BEGIN

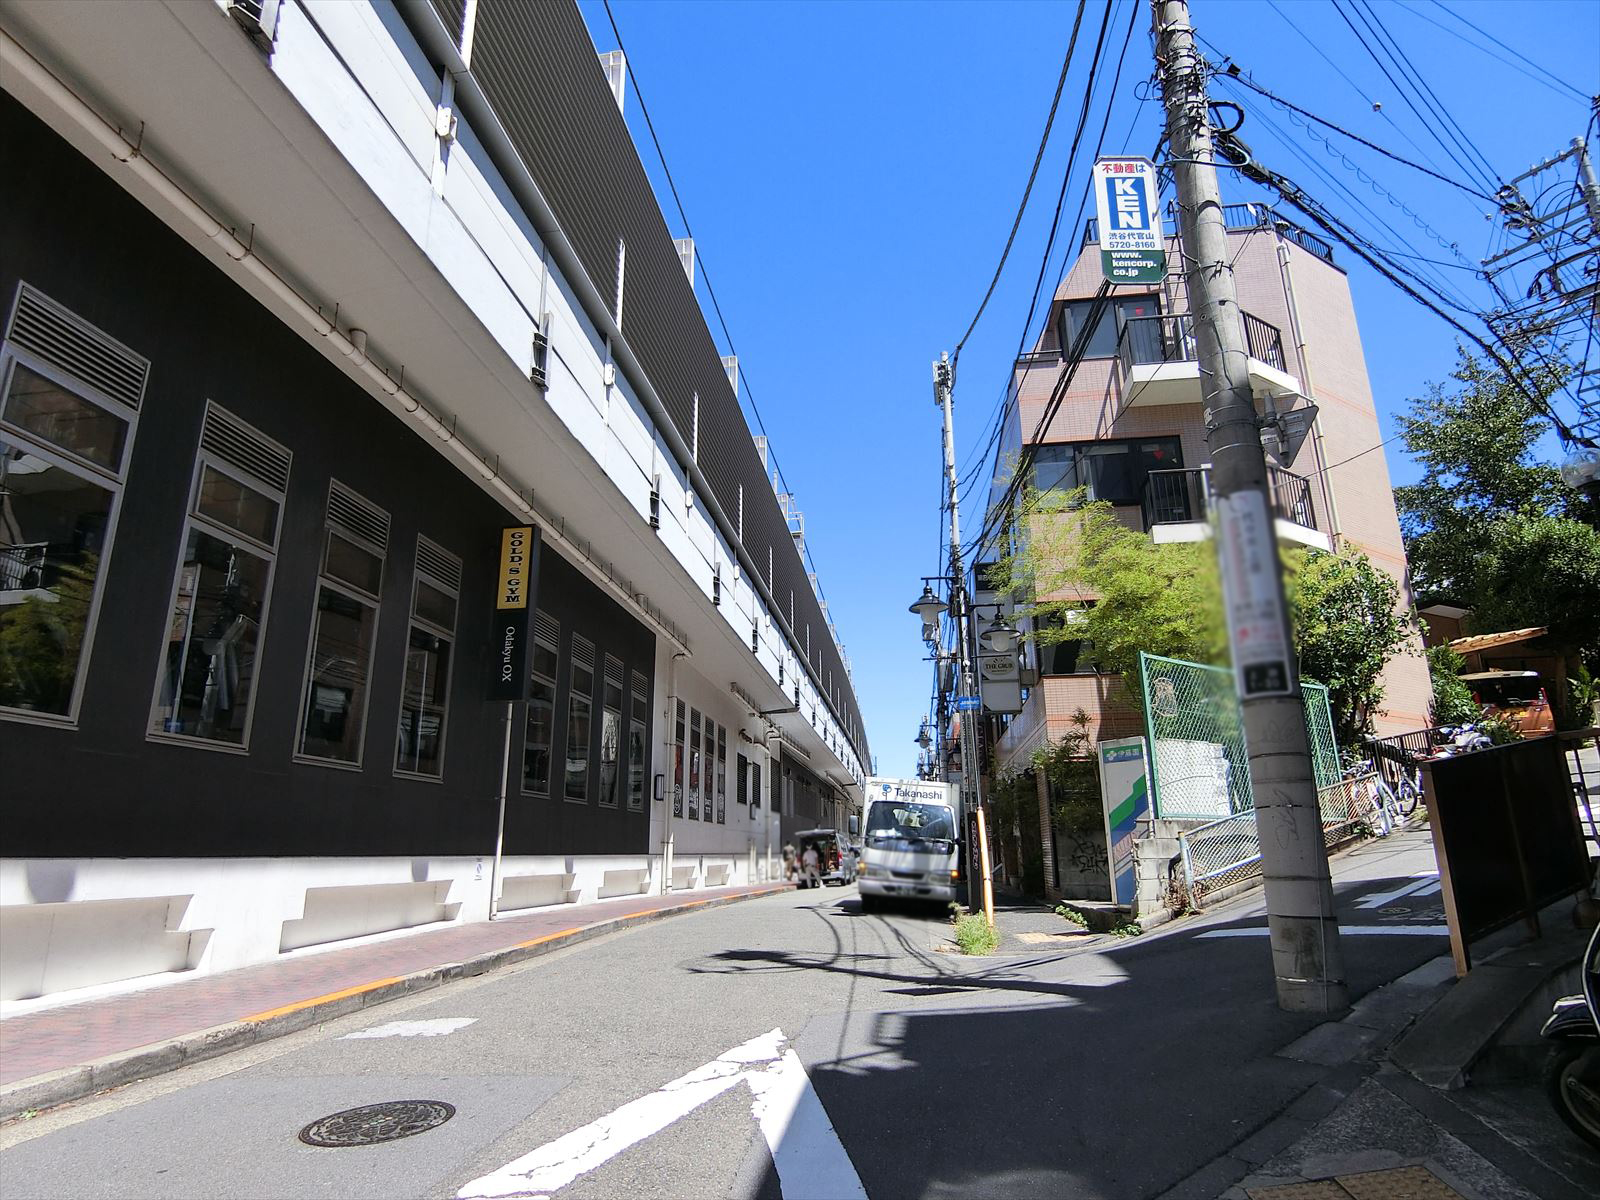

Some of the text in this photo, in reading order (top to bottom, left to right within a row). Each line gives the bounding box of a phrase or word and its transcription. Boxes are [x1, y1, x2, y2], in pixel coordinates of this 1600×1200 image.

[1102, 163, 1146, 174] 不動産は
[1114, 178, 1143, 228] KEN
[1108, 232, 1155, 240] 渋谷代官山
[1109, 241, 1156, 249] 5720-8160
[1111, 251, 1142, 259] www.
[1112, 259, 1157, 269] kencorp.
[1113, 268, 1139, 277] co.jp
[505, 531, 525, 603] GOLD'S GYM
[501, 626, 516, 682] Odakyu OX
[894, 787, 943, 799] Takanashi

END

* **What is being asked**:
The answer is the whole listing retyped exactly, with pictures omitted.

* **Solved problem**:
Some of the text in this photo, in reading order (top to bottom, left to right within a row). Each line gives the bounding box of a phrase or word and its transcription. Boxes are [x1, y1, x2, y2], in pixel coordinates of this 1600×1200 image.

[1102, 163, 1146, 174] 不動産は
[1114, 178, 1143, 228] KEN
[1108, 232, 1155, 240] 渋谷代官山
[1109, 241, 1156, 249] 5720-8160
[1111, 251, 1142, 259] www.
[1112, 259, 1157, 269] kencorp.
[1113, 268, 1139, 277] co.jp
[505, 531, 525, 603] GOLD'S GYM
[501, 626, 516, 682] Odakyu OX
[894, 787, 943, 799] Takanashi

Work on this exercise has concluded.